I am a romantic: I favour boy-meets-girl comedies over action movies. Little Tom Cruise cavorting with women twice his size and swinging from long bits of rope bores me. I have space in my imagination for the wizardry of ‘Industrial Light and Magic’, less patience with a power-mad pyrotechnics team and cars that explode for no apparent reason. Musicals? I was raised on them. My early diet comprised lengthy thirty-years-old doses of Fred Astaire and Ginger Rogers, Fred Astaire and Cyd Charisse, Fred Astaire and…Fred Astaire. I even enjoyed the work of Gene Kelly, despite a truck driver look to his dancing which made him extremely hazardous to small insects.
‘La La Land’, I was told, was a determined effort to resurrect the golden age of the musical; so I should have loved it. Having successfully carried my enjoyment of the musical – ‘Cabaret’, ‘Mamma Mia’, ‘The Glums’ (sorry, ‘Les Miserables’) into adulthood, I should have celebrated a lavishly presented American return to the genre, and yet…
Was it the plot? That piquant homage to predecessors like ‘Once’ or ‘Parapluies De Cherbourg’ is notoriously difficult to replicate musically and impossible to disguise once it starts to roll out; so anyone could guess the ending after the first reel. Was it the production – that famous and lavish flyover scene in which I spent less time watching the dancing and more harbouring an evil hope that someone might actually jump the wrong way and fall off? Or was it the lack of a memorable theme that sticks in my mind and makes me hum it for days, weeks, even years afterwards? A theme like ‘Falling Slowly’, ‘Empty Chairs at Empty Tables’, or ‘I Will Wait For You’?
I was left disappointingly dry-eyed at the end of the movie, wondering if it would have been better filmed in monochrome, or maybe divorced from its obsession with car parks. I couldn’t empathise with the characters, or the fog that surrounded them – Ryan who did not look remotely like a ‘Sebastian’, or advocate such passion for Jazz as might have made me feel betrayed when he underwent his conversion.

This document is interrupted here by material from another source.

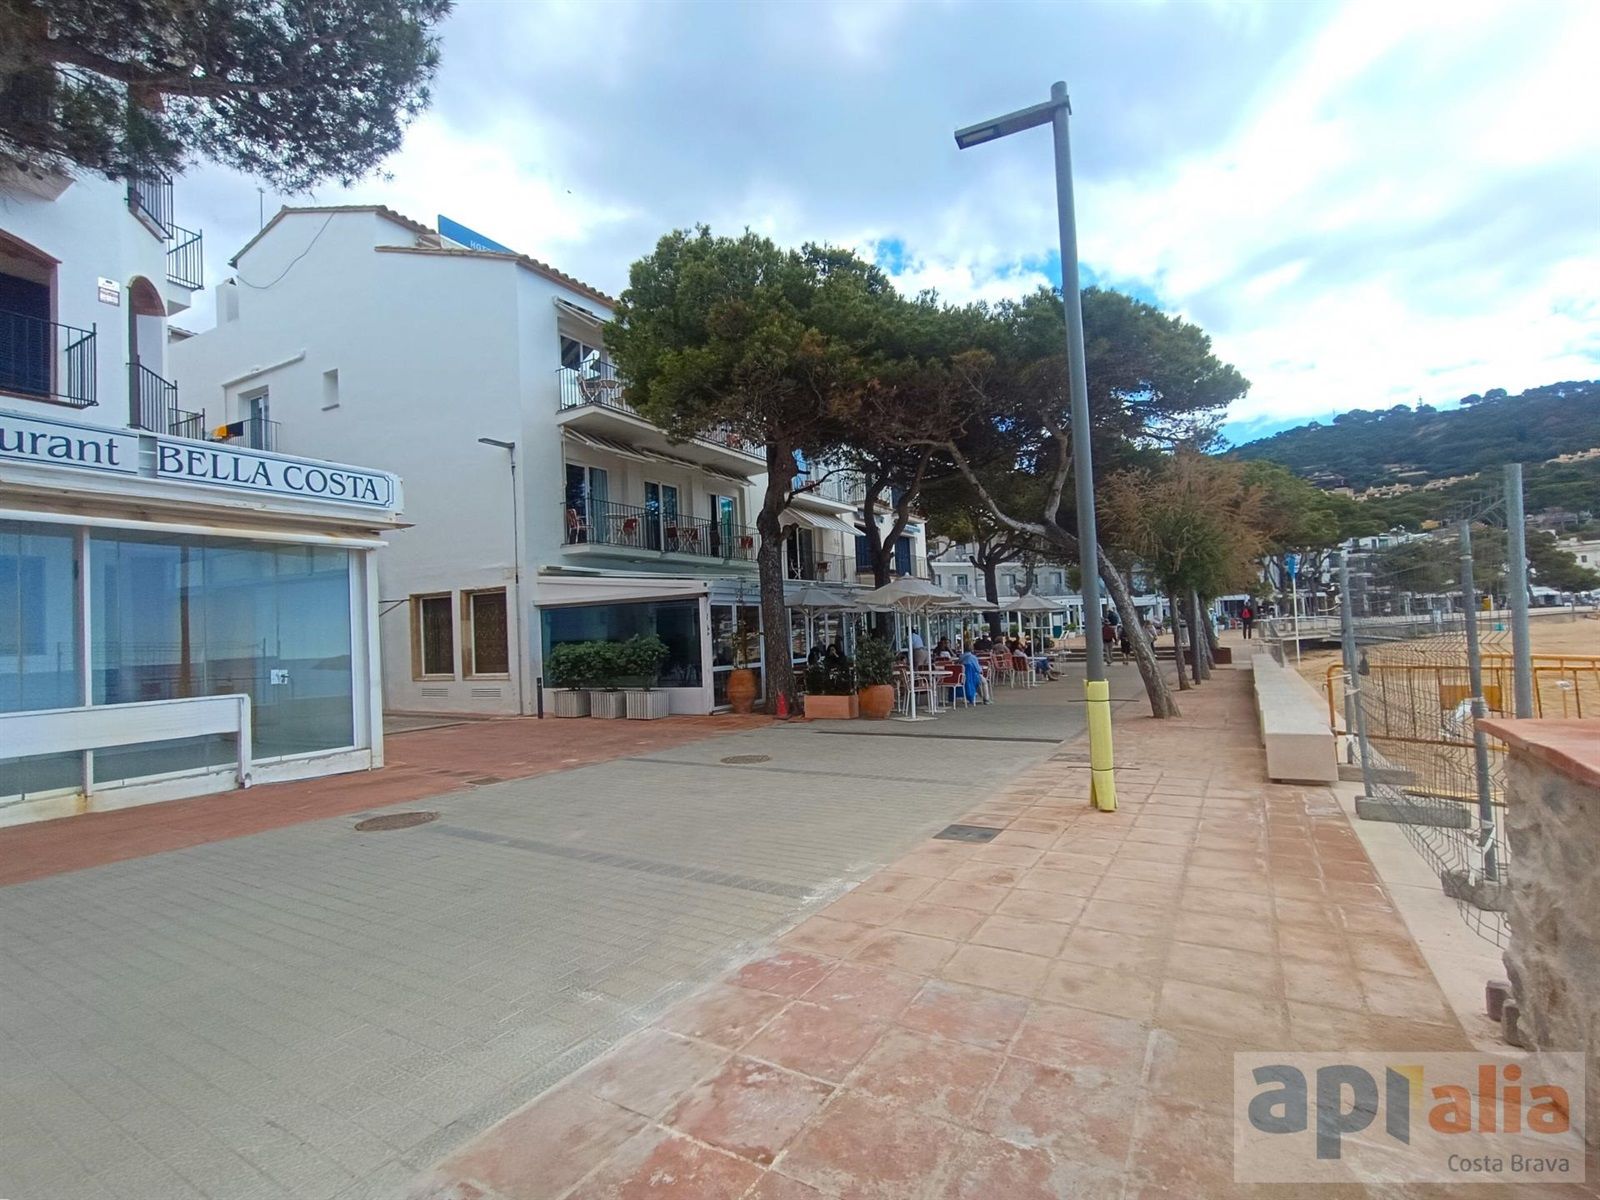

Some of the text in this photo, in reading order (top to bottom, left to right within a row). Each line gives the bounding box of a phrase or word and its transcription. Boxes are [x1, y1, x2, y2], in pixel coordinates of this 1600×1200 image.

[0, 428, 379, 501] urant BELLA COSTA
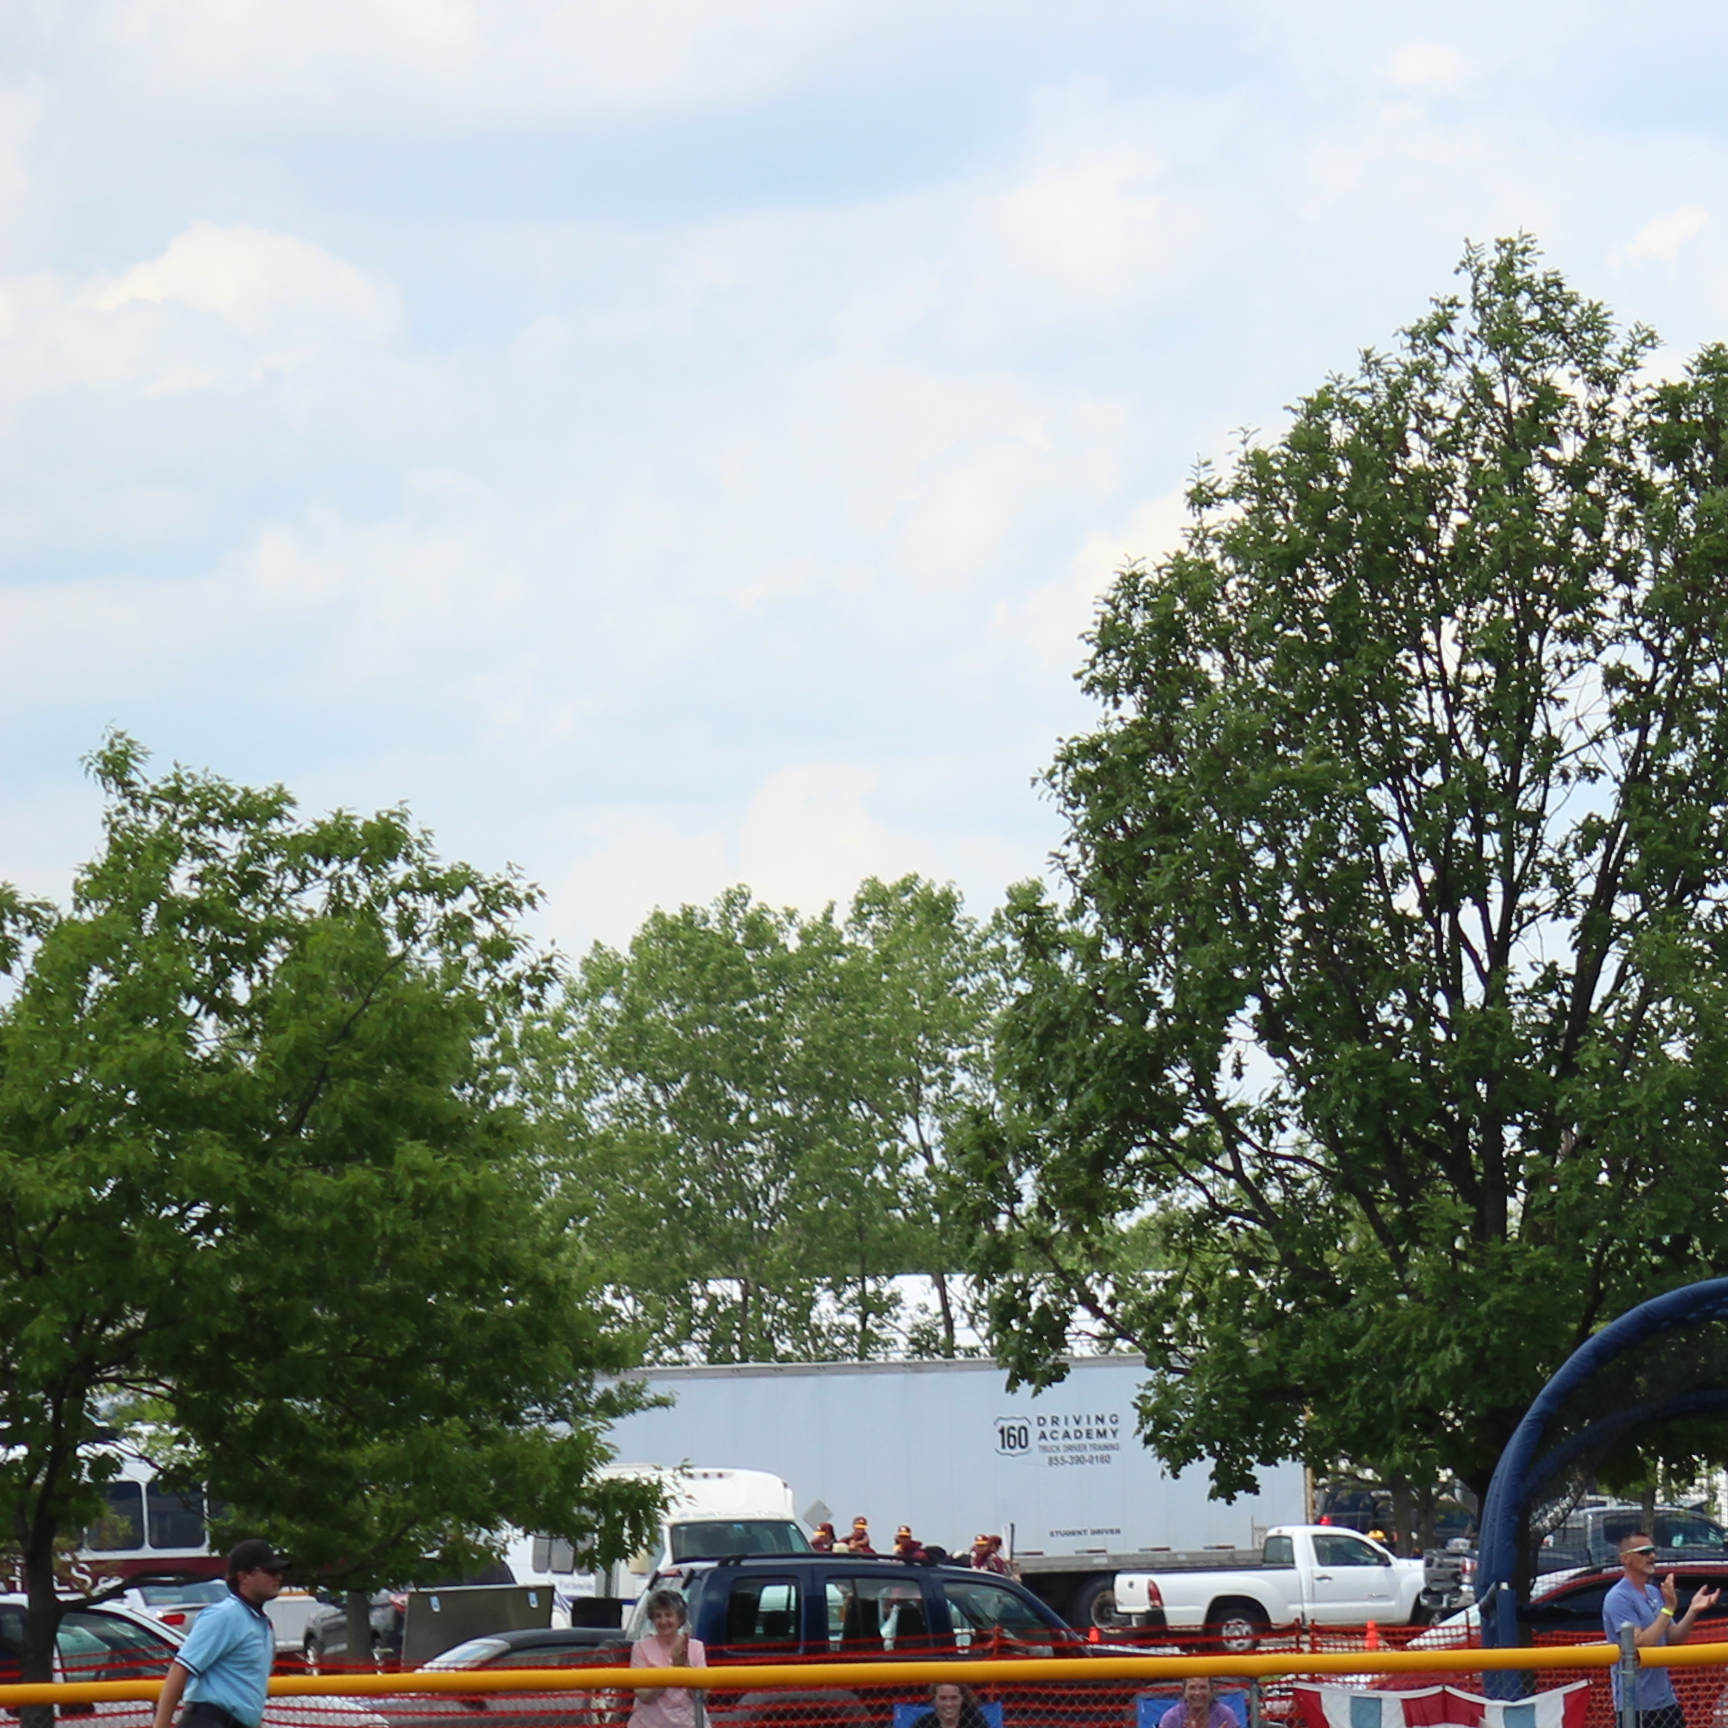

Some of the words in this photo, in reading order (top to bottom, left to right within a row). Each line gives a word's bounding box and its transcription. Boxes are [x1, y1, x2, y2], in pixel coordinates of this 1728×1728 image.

Anyway, I know I’m a year after the event, that everybody who could possibly want to has seen the film, but that is where I strike up against my second reason: exactly why I have chosen to make ‘La La Land’ my subject here. You see, I am wondering what it is that is preventing me from trashing that punctured balloon? Why can’t I walk away from it, and what strange compulsion makes me want to watch the blessed thing again? Why am I confident I will remember it six months from now, when I cannot even recollect the music?
And I wonder – am I the only one with this odd malady?